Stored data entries
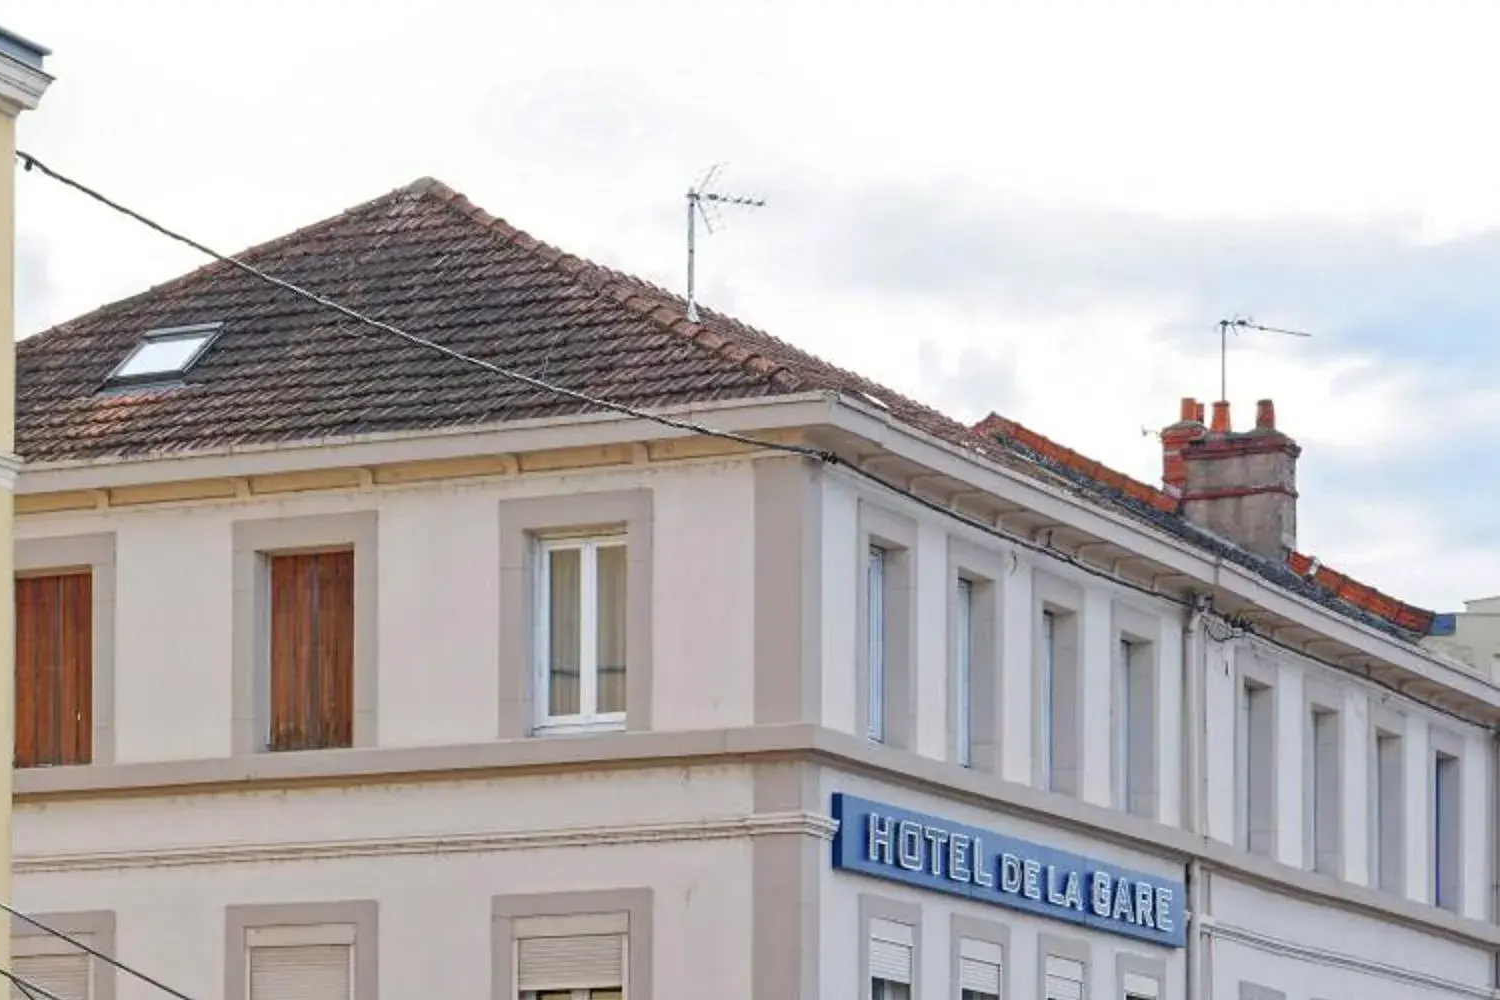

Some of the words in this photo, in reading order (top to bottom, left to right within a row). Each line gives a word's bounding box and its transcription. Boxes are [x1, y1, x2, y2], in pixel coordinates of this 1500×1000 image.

[869, 812, 993, 887] HOTEL
[1000, 853, 1041, 899] DE
[1046, 862, 1083, 911] LA
[1092, 871, 1174, 932] GARE
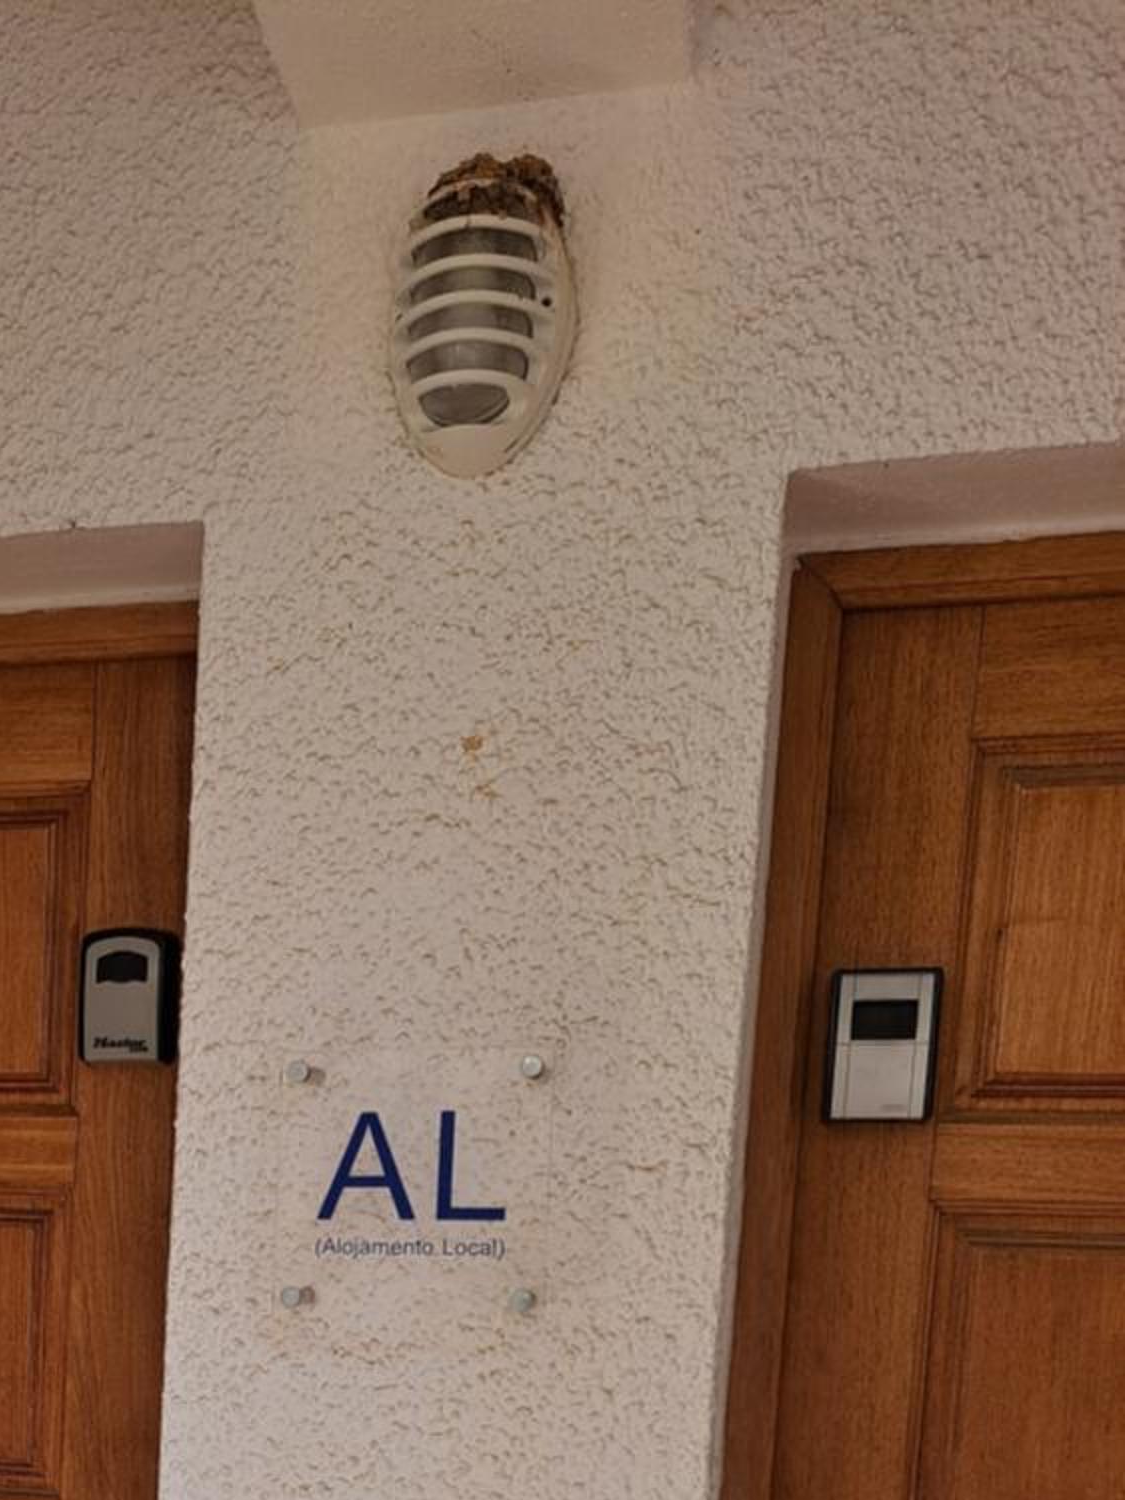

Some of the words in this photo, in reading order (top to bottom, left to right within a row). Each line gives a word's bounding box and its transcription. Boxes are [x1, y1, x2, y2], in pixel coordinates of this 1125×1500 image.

[317, 1110, 506, 1221] AL
[315, 1238, 434, 1260] (Alojamento
[442, 1238, 506, 1261] Local)

:: Work request ::
Once the line with "this 1125×1500 image." has been found in the records above, retype it and every line after it exactly, and include nothing else.

:: Exercise response ::
Some of the words in this photo, in reading order (top to bottom, left to right within a row). Each line gives a word's bounding box and its transcription. Boxes are [x1, y1, x2, y2], in pixel coordinates of this 1125×1500 image.

[317, 1110, 506, 1221] AL
[315, 1238, 434, 1260] (Alojamento
[442, 1238, 506, 1261] Local)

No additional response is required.